The Wine Bars Of Venice


Posted February 18, 2019 by Tony445

In the whimsical adriatic city of Venice, the citizens practice a wonderful little custom known as the"giro di ombre" (the wheel of color ).
 
In the whimsical adriatic city of Venice, the citizens practice a wonderful little custom known as the"giro di ombre" (the wheel of color ). It is not a habit of all Venetians, but largely men and generally older guys. However, this being said, you don't need to be a guy to participate. You not need to be old. Everyone can do it, and in fact many younger Venetians (like girls ) are now caught up in this thing called the giro. Mostly though, you may see groups of men, three, five, or six, perhaps more, one can also do it alone. I often go solo . Do not worry about being alone. You'll make many friends along the way, for that's part of this"giro," making new friends, eating, imbibing, in general, having a excellent time.

What's this giro di ombre you ask?

The giro di ombre is a splendid small ritual which started around venice's rialto market some 600 decades ago. The merchants of the rialto marketplace, wanting to take a tiny break from hawking their products, would run to the nearest wine bar to escape sunlight and have a little sip of wine accompanied by small tidbits of meals (cichetti) to go with the wine. Whenever these retailers went to the wine bars, known as bacari, translating to"house of bachus," they would say they needed a"ombra," that the latin word for shade. They wanted to get out of the sun and into the shade. With time, a glass of wine in venice became know as a"ombra." If one day you have the good chance to make it into one of venice's many enchanting small wine-bars (bacaro), you belly up to the bar, order"un ombra rosso" if you need a glass of the house red, or"un ombra bianco" if you'd prefer a glass of wine. It's as straightforward as that, and you are speaking in the superb venetian dialect. Just like a true venetian!

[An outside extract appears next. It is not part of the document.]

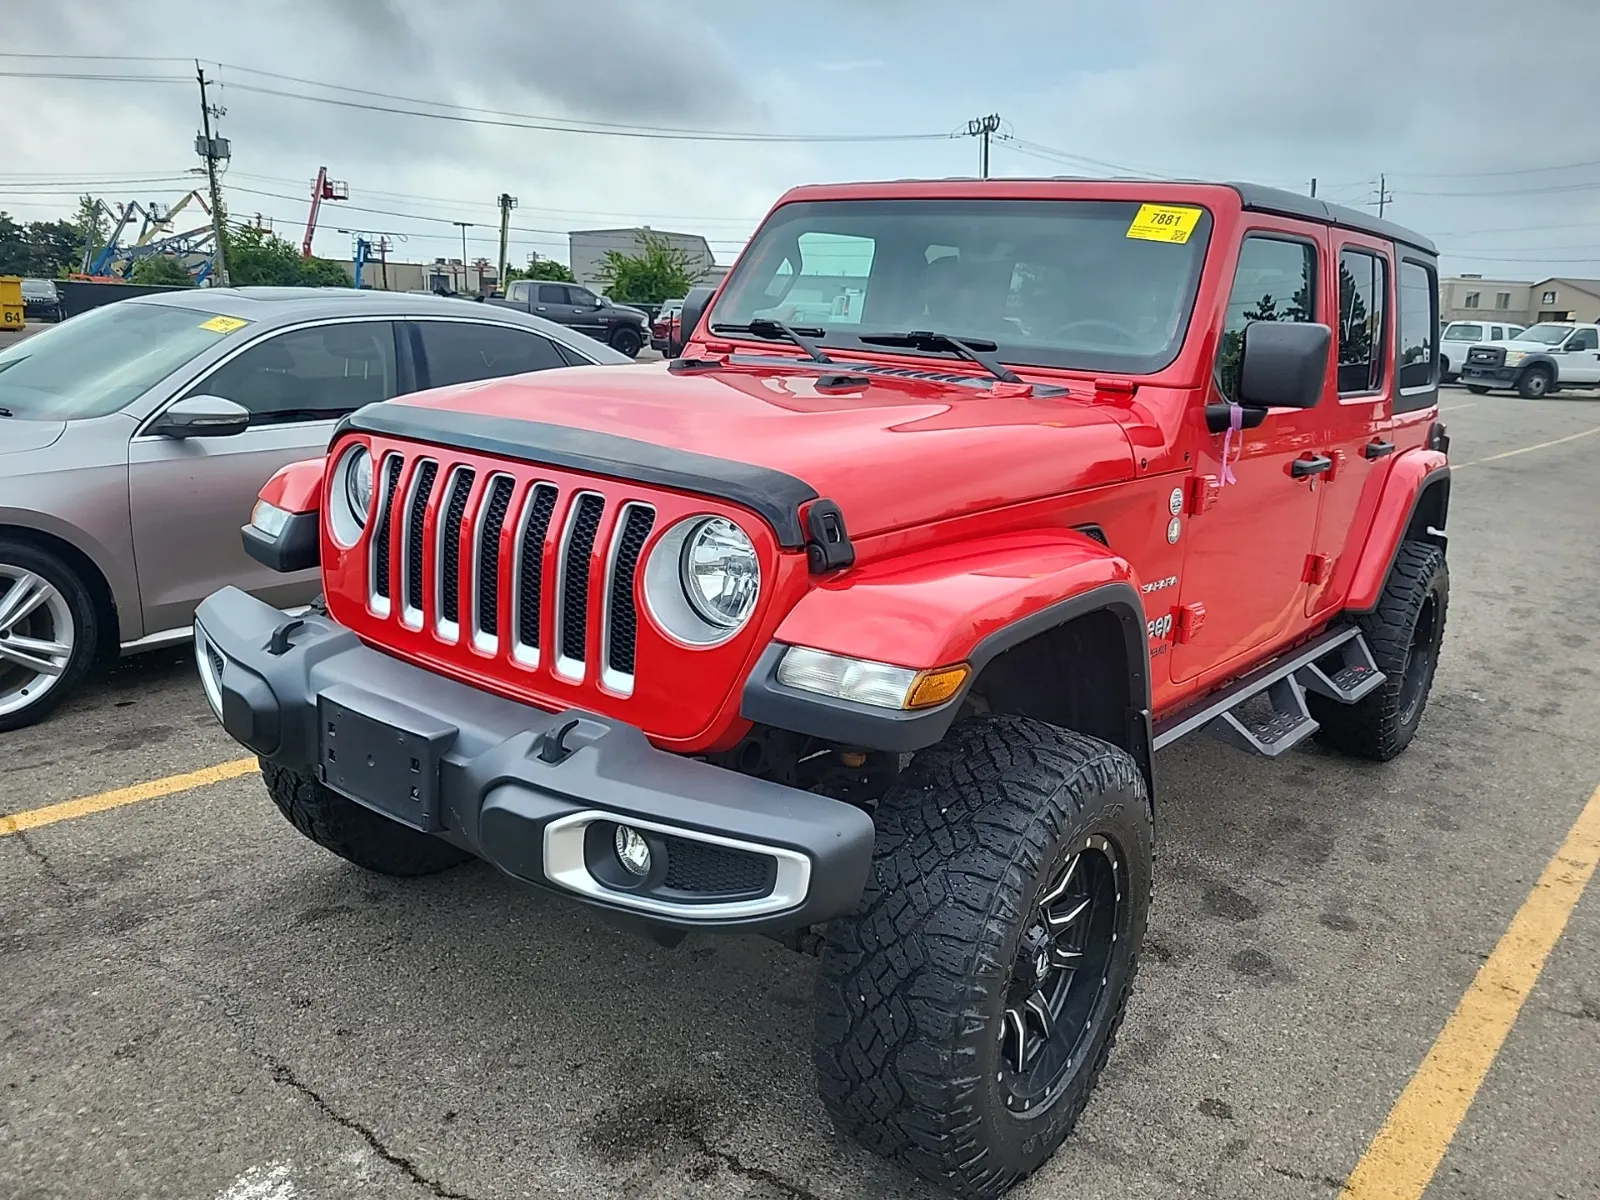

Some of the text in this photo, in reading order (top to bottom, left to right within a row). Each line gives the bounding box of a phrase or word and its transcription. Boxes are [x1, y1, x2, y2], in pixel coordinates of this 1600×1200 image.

[1150, 212, 1182, 226] 7881
[4, 311, 21, 323] 64
[1146, 612, 1173, 640] eep

When you go into the wine-bars of Venice, you will see a tantalizing display of food attractively displayed in platters on the pub. These items of food are"cichetti," tidbits of prepared food which come in tiny parts so you may try four, four, five, maybe even six or even more. The cichetti generally cost about $1.00-$2.50. They're designed to be very affordable and are in tiny portions so people are able to purchase a couple of distinct items for variety.

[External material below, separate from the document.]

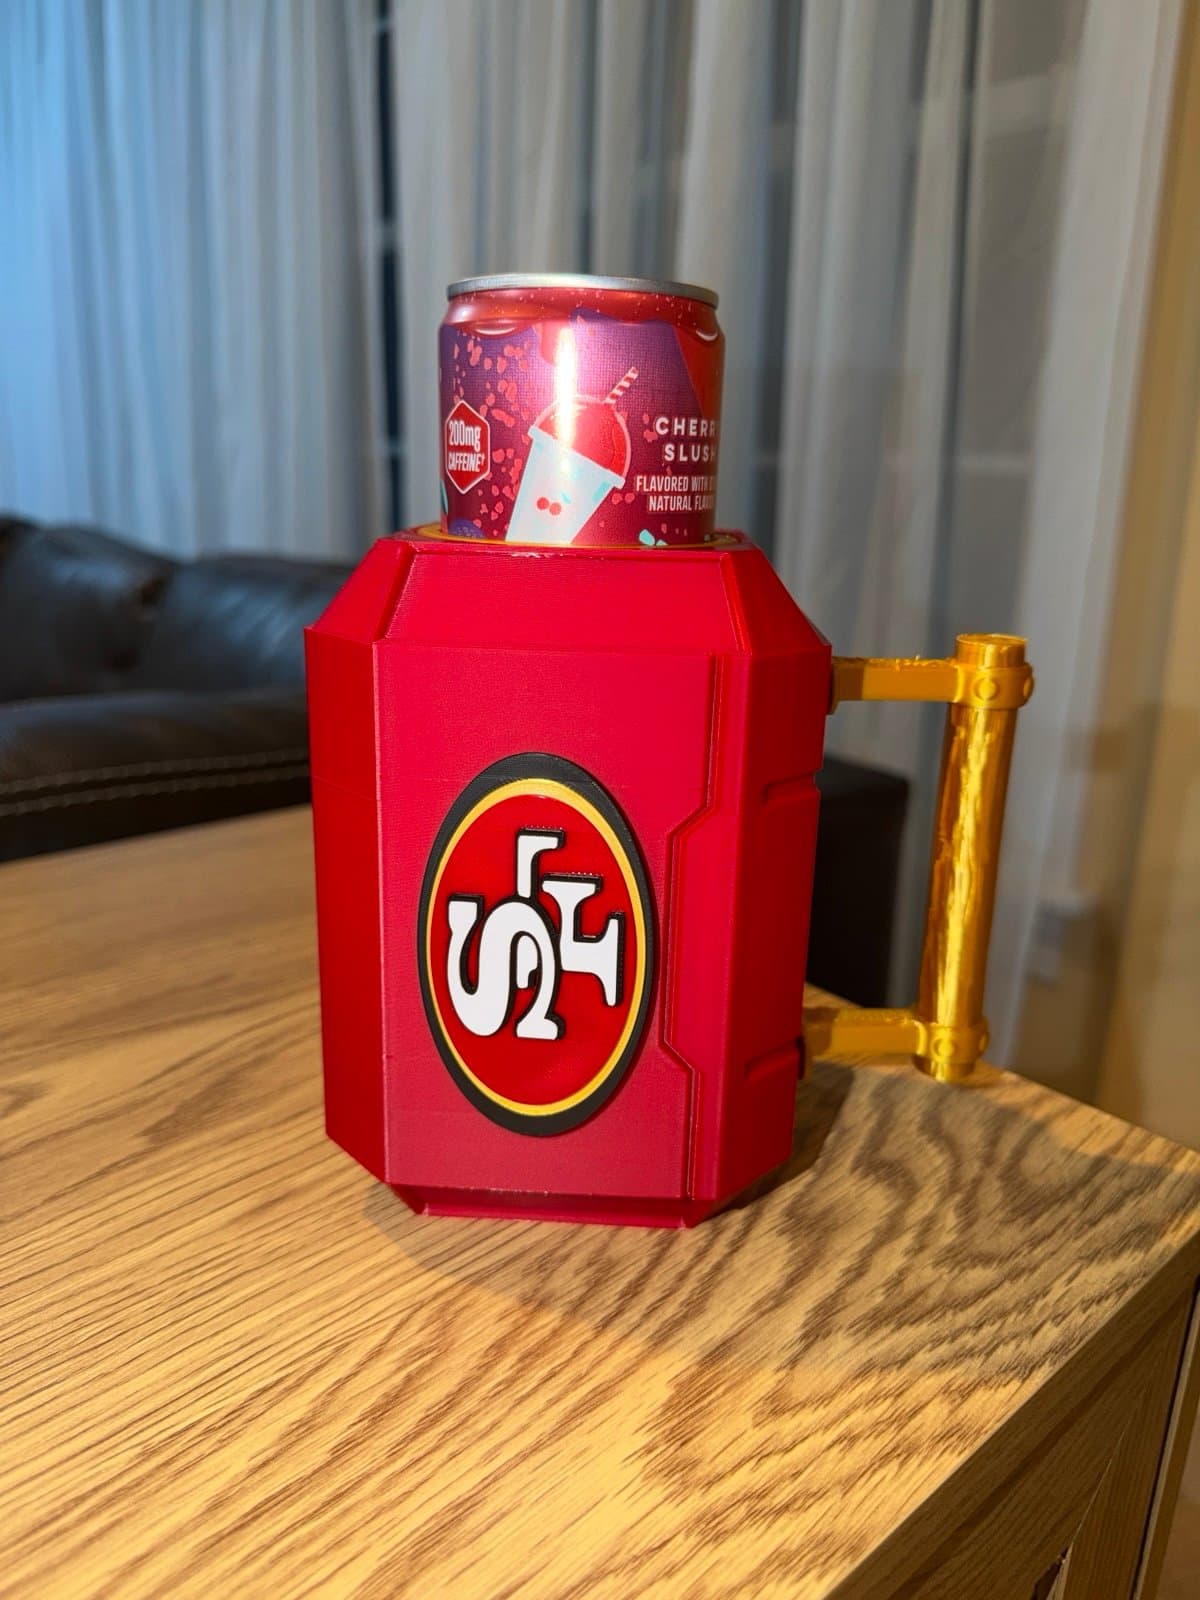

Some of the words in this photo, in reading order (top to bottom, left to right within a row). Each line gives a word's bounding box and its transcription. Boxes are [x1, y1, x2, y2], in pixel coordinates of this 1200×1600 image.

Which are the cichetti, you inquire? Just exactly what the venetian dialect implies, cichetti are small tidbits of food. There exist quite a fantastic variety of things as much as cichetti are involved. The most ordinary and favorite cichetti are; grilled shrimp or squid, braised or fried meatballs, cotechino, musetto (pigs snout sausage,"yum!") , nerveti, octopus salad, bacala mantecato (whipped salt-cod), and sarde en saour(sardines marinated with vinegar and onions). You may also find a nice array of small sandwiches (panini & tramezzini) that are full of all kinds of yummy fillings like crab salad, speck (smoked prosciutto), shrimp, ham with mushrooms and tomato, and much, much more. These sandwiches are also a portion of the cichetti and are priced around $1.00 or two as well.

You might be thinking that cihetti are similar to Spanish tapas. "Yes," exactly. I might add that the venetians started this ritual a few hundred years prior to the spanish did, just the"cichetti" of venice never caught on all over the Italian peninsular the way that tapas did during Spain in which tapas and tapas bars are a means of life.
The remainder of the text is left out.